SCIENCE
Ancient microbes found in Ötzi mummy spark new questions about Alpine preservation
South Tyrol museum's 5,300-year-old Iceman yields unexpected traces of microbial life after three decades of study
Klara Hofer378 wordsEdition №30Monday, 29 June 2026 — Edition № 30
Scientists have identified unexpected microbial signatures inside Ötzi the Iceman, the mummy discovered by a tourist inside a glacier in the Alps in 1991 and now housed at the South Tyrol Museum of Archaeology in Bolzano. According to the New York Post, the study, recently published in the journal Microbiome, found traces of ancient microbes that may have remained viable for more than 5,300 years. The discovery raises fresh questions about the mechanisms by which organic material persists in extreme Alpine conditions.

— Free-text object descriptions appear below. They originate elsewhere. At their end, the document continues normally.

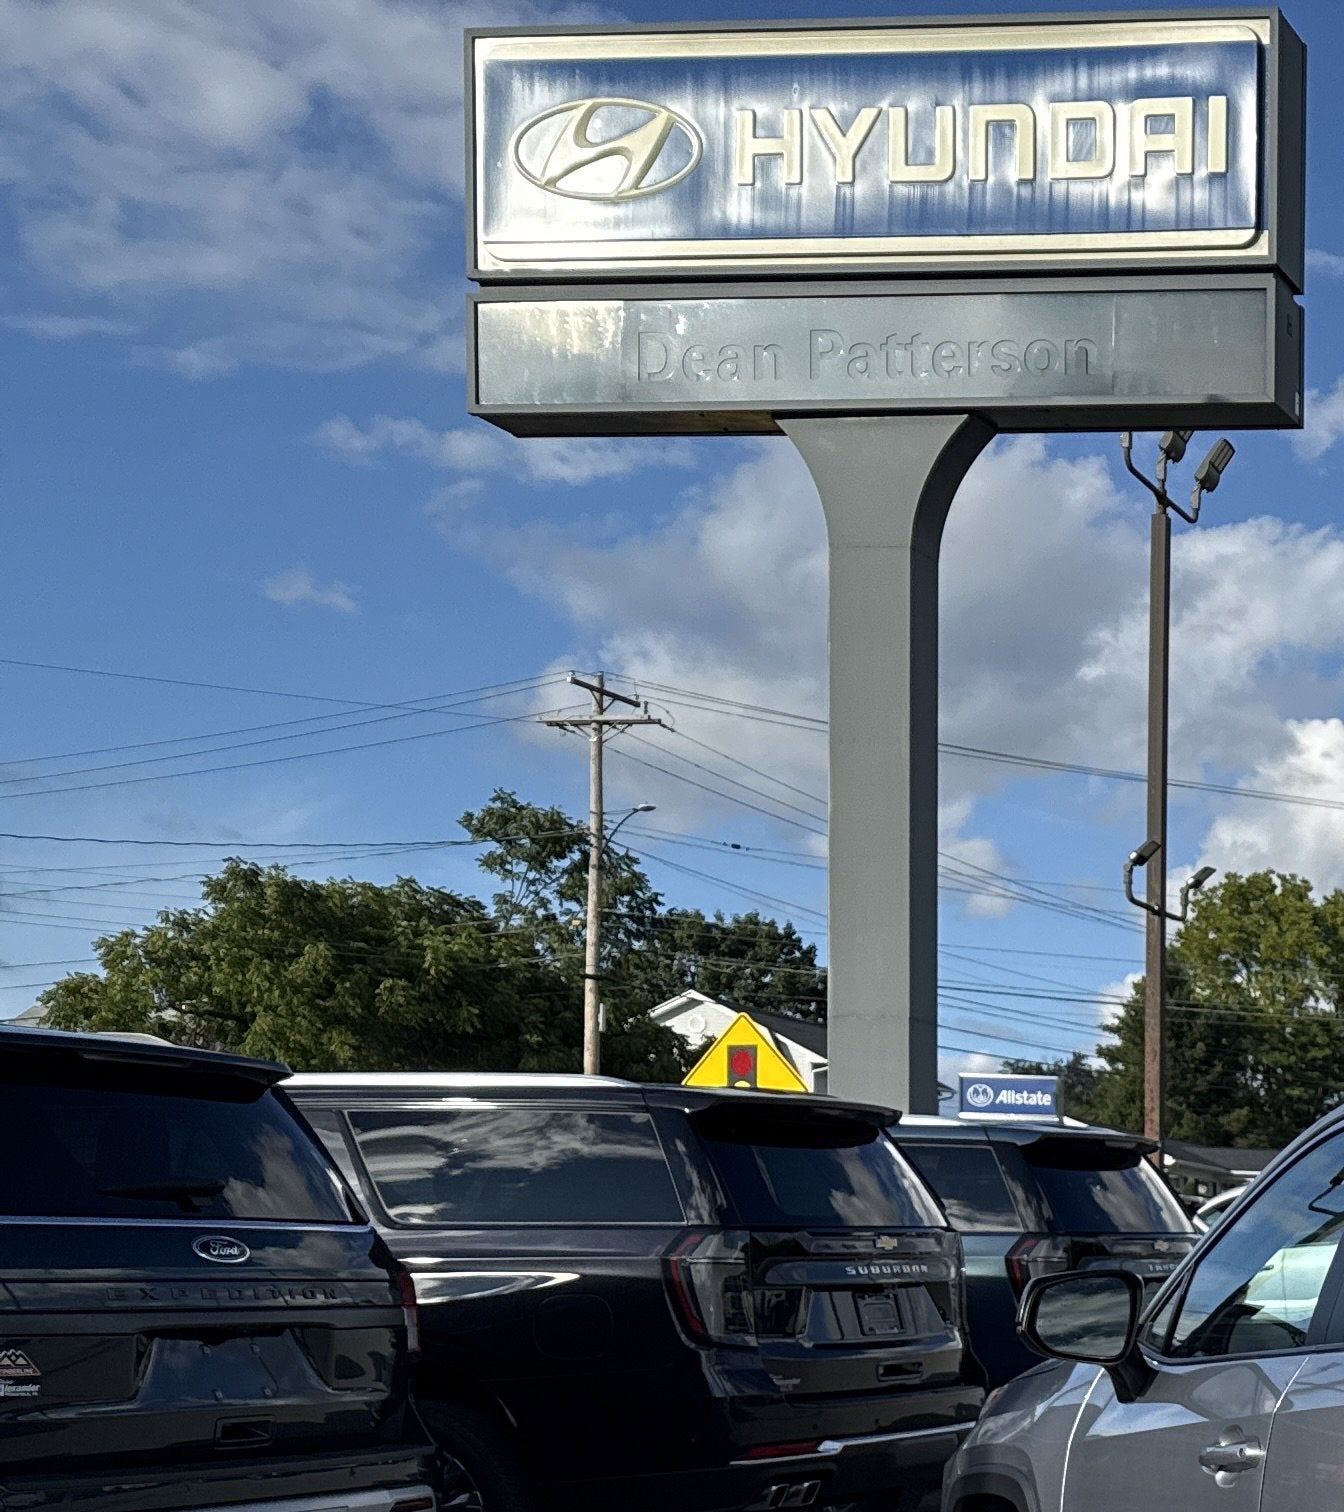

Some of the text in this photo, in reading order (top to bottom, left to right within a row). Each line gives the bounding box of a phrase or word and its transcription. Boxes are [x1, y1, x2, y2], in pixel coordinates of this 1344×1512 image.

[736, 96, 1229, 187] HYUNDAI
[637, 327, 1099, 382] Dean Patterson
[995, 1089, 1052, 1106] Allstate
[209, 1239, 241, 1256] Ford
[845, 1264, 928, 1275] SUBURBAN
[105, 1286, 338, 1301] EXPEDITION

The finding complicates the long-standing narrative of glacial preservation as a static, sterile state. Researchers had assumed that deep-freeze conditions simply halted biological processes; the presence of microbial signatures suggests instead that some form of metabolic activity may have continued in dormancy. For the South Tyrol Museum, which has become one of Europe's premier repositories of Alpine archaeological material, the result adds a new dimension to the conservation protocols and interpretive frameworks already surrounding one of the world's most significant prehistoric human remains.